Alors qu'il était assis avec un ami à côté de sa tente, il a crié "Pourquoi moi?" Alors que les larmes coulaient sur son visage, collant à sa peau moite, il m'a dit : "Ils ne comprennent pas ce que c'est que de vivre une dinde, de vivre ça". Ils ne le feront jamais, mais ils rient et se moquent de moi ». Je n'ai jamais demandé à mon ami qui « ils » étaient, mais je ne pouvais que supposer que c'était d'autres, résidant sous la même tente. Je me suis assise avec mon ami un peu plus longtemps, la plupart du temps en silence, alors qu'il essayait de fermer les yeux et de se dissocier de la douleur.
La réduction des risques essentielle apporte de l'espoir
Au moment où j'écris ceci, je peux dire que beaucoup de mes amis et d'autres que j'ai rencontrés lors de ma visite qui souffraient, ont reçu du soutien. Beaucoup de ceux qui sont en état de sevrage léger à modéré ont reçu une quantité suffisante de médicaments symptomatiques pour soulager certains symptômes débilitants. Alors que d'autres ont commencé un programme de thérapie de substitution aux opioïdes, où ils reçoivent actuellement de la méthadone ou de la buprénorphine-naloxone. Actuellement, il existe un effort coordonné de plusieurs parties prenantes pour essayer d'étendre ce soutien. En outre, plusieurs entités ont promis une aide financière pour garantir la pérennité de ce soutien à l'avenir.

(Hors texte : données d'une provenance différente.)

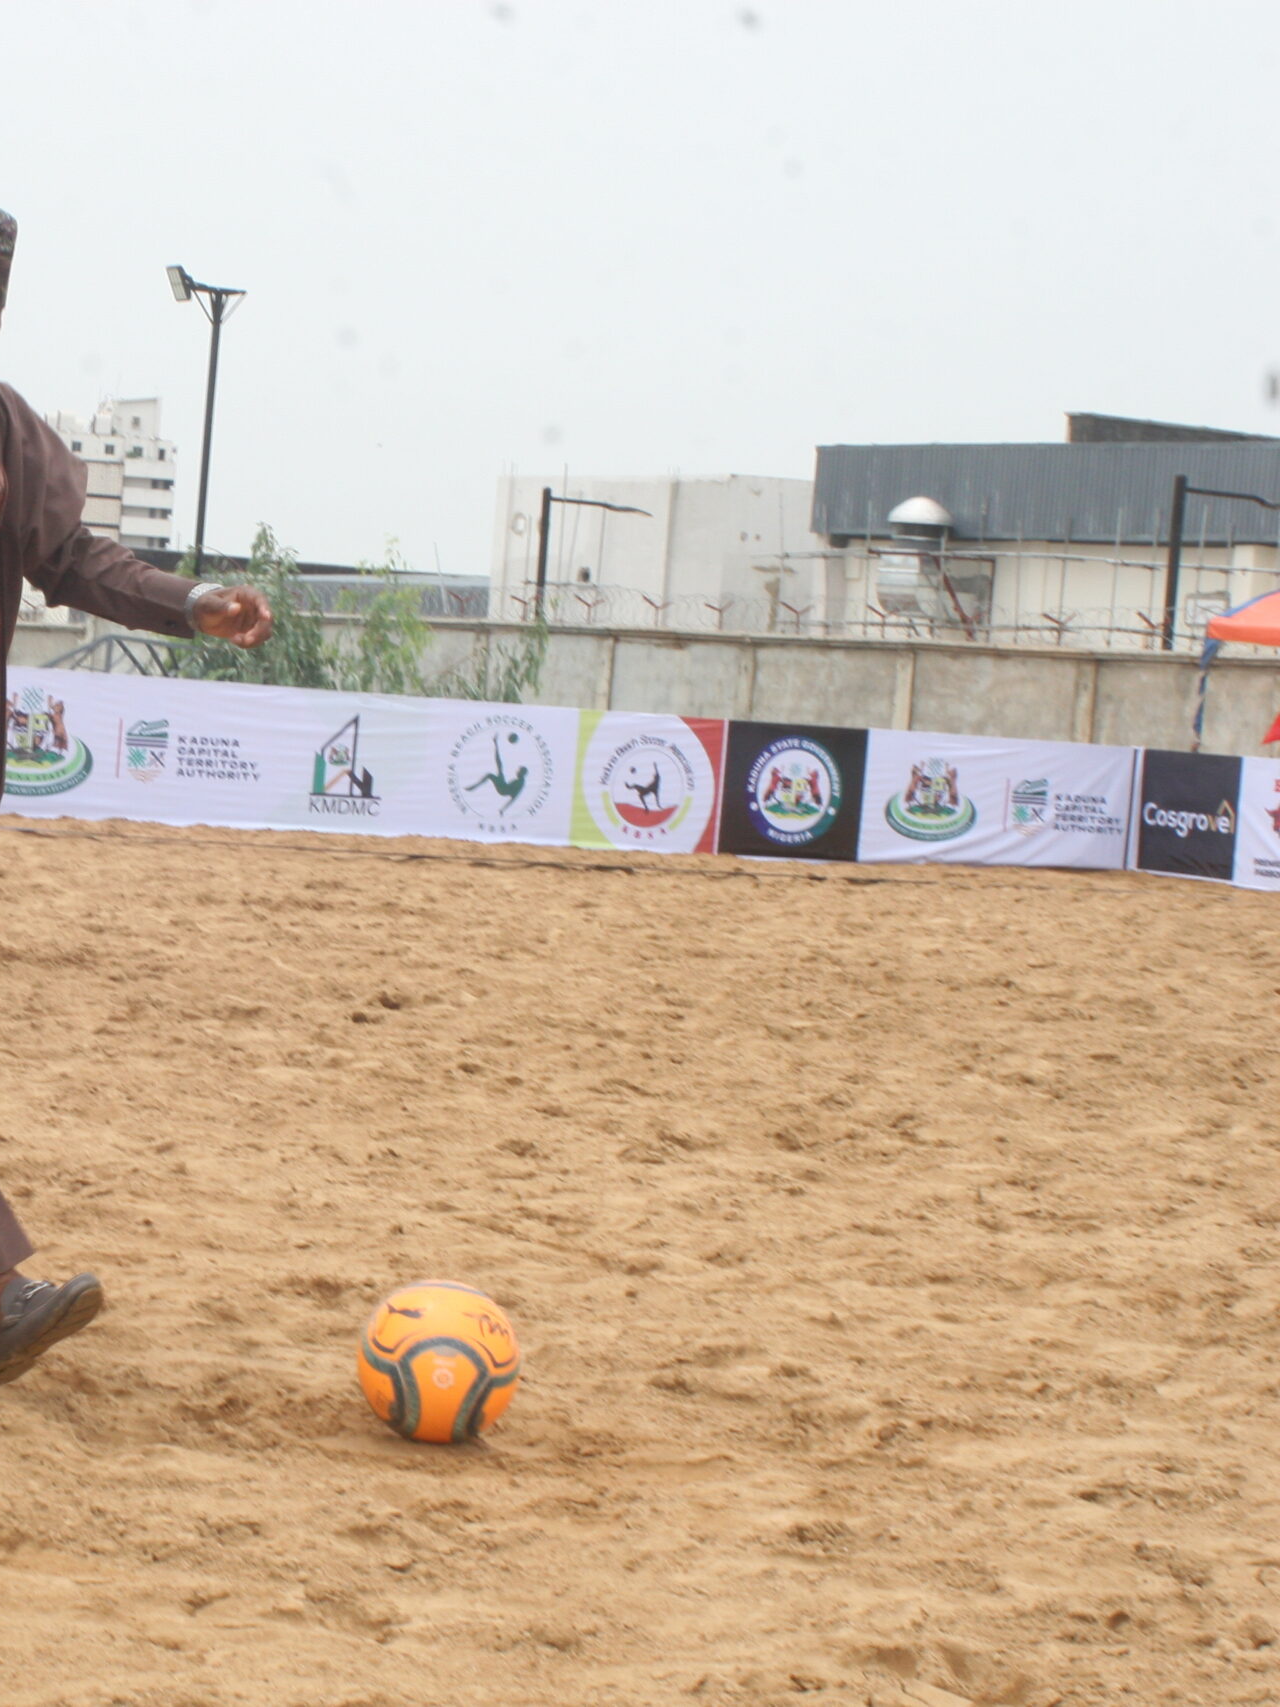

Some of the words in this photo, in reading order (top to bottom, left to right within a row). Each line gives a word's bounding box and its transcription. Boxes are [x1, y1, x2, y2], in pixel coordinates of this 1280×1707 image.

[178, 735, 240, 748] KADUNA
[177, 746, 239, 759] CAPITAL
[176, 757, 257, 770] TERRITORY
[747, 751, 771, 793] KADUNA
[769, 738, 800, 755] STATE
[176, 767, 261, 781] AUTHORITY
[309, 797, 380, 817] KMDMC
[1143, 800, 1235, 838] Cosgrove
[767, 828, 814, 844] NIGERIA

Bien que dévastatrice, je suis partie avec un certain optimisme sachant qu'il existe des organisations et des individus qui se soucient de moi et qui travaillent sans relâche pour s'assurer que d'autres, comme mon ami souffrant, reçoivent du soutien et du soulagement.
* SANPUD est une organisation à but non lucratif enregistrée composée d'organisations membres dirigées par des pairs qui partagent un objectif commun : défendre les droits des personnes qui consomment des drogues. Nous cherchons en outre à démanteler les mythes, l'hypocrisie et la mauvaise science qui informent les sociétés sur la compréhension des drogues, de leur consommation et des personnes qui les consomment.